Die Nennung ist eine redaktionelle Orientierung und keine bezahlte Empfehlung. Aktuelle Besuchszeiten, Sprache und Preise müssen direkt beim Weingut bestätigt werden.
Eine gute Weinreise wird vom Rückweg her geplant
Vor der Buchung sollten sieben Punkte geklärt sein: Reservierung, Führungssprache, Zahl der Weine, Essen, Dauer, Anfahrt und sichere Rückfahrt. Einige Weingüter empfangen nur nach Voranmeldung oder haben an Veranstaltungstagen eingeschränkte Führungen. Wer selbst fährt, braucht einen Fahrer, der nicht verkostet. Alternativen sind privater Transfer, organisierte Tour oder Übernachtung.

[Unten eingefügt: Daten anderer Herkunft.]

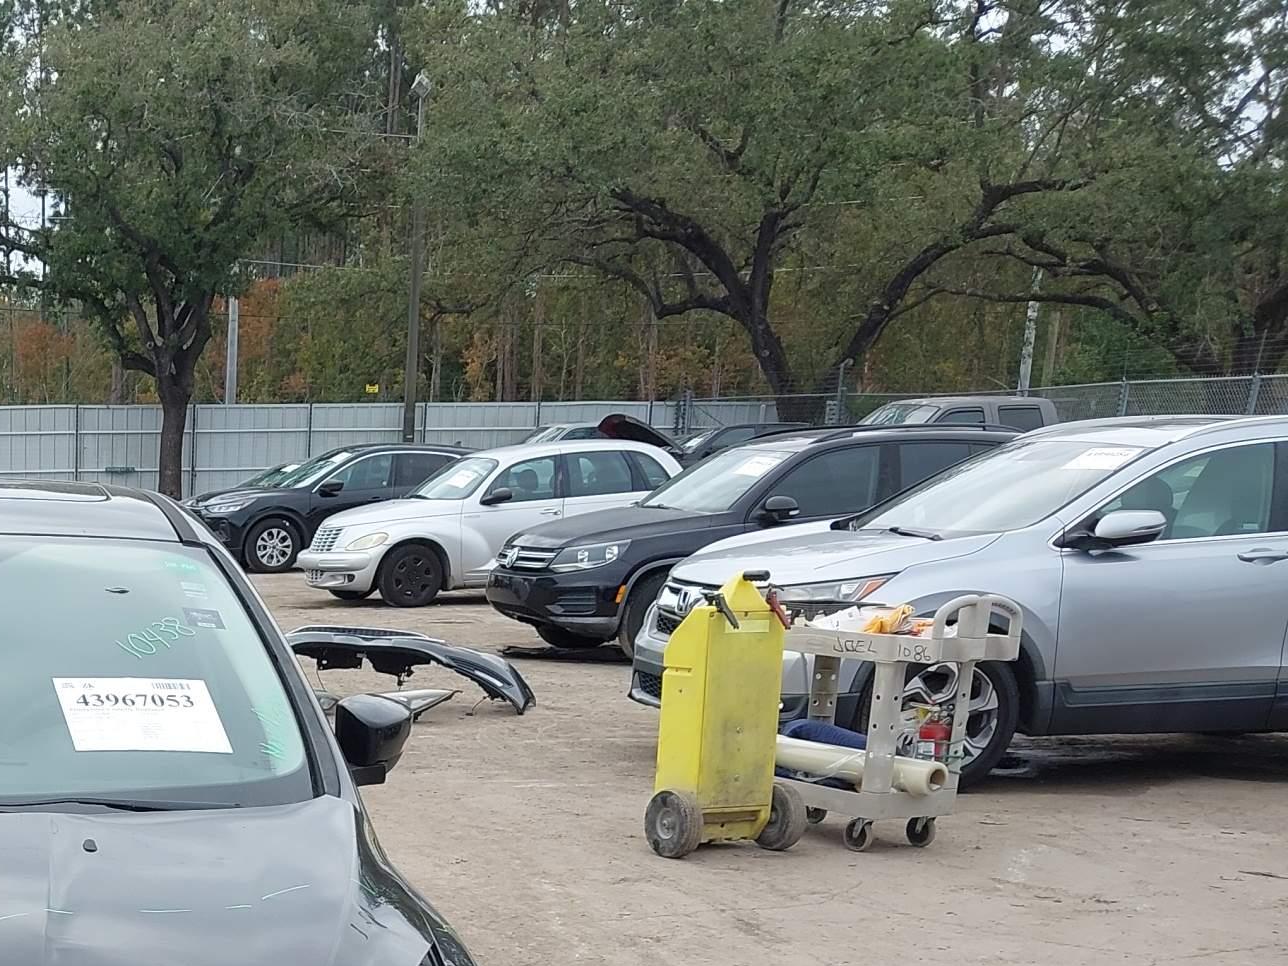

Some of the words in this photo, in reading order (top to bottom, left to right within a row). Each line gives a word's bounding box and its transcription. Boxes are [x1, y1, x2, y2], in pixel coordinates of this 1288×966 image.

[115, 616, 196, 659] 10438
[833, 637, 878, 654] JOEL
[76, 693, 195, 708] 43967053

Auch Jahreszeit und Reiseziel zählen: Während der Lese ist der Betrieb spannend, aber stärker ausgelastet. Im Winter sind Kellerbesuche möglich, Außenbereiche und Weinberge wirken jedoch anders.
Plovdiv verbindet Wein und Stadt besonders überzeugend
Das Frühlingsfestival „Wine & Gourmet“ und das „Defile of Young Wine“ im November nutzen historische Häuser und Höfe der Altstadt als Verkostungsorte. Solche Termine sind für Einsteiger oft geeigneter als eine lange Autofahrt zu mehreren Weingütern. Die Programme ändern sich jährlich; Unterkunft und Tickets sollten erst nach Prüfung des offiziellen Kalenders gebucht werden.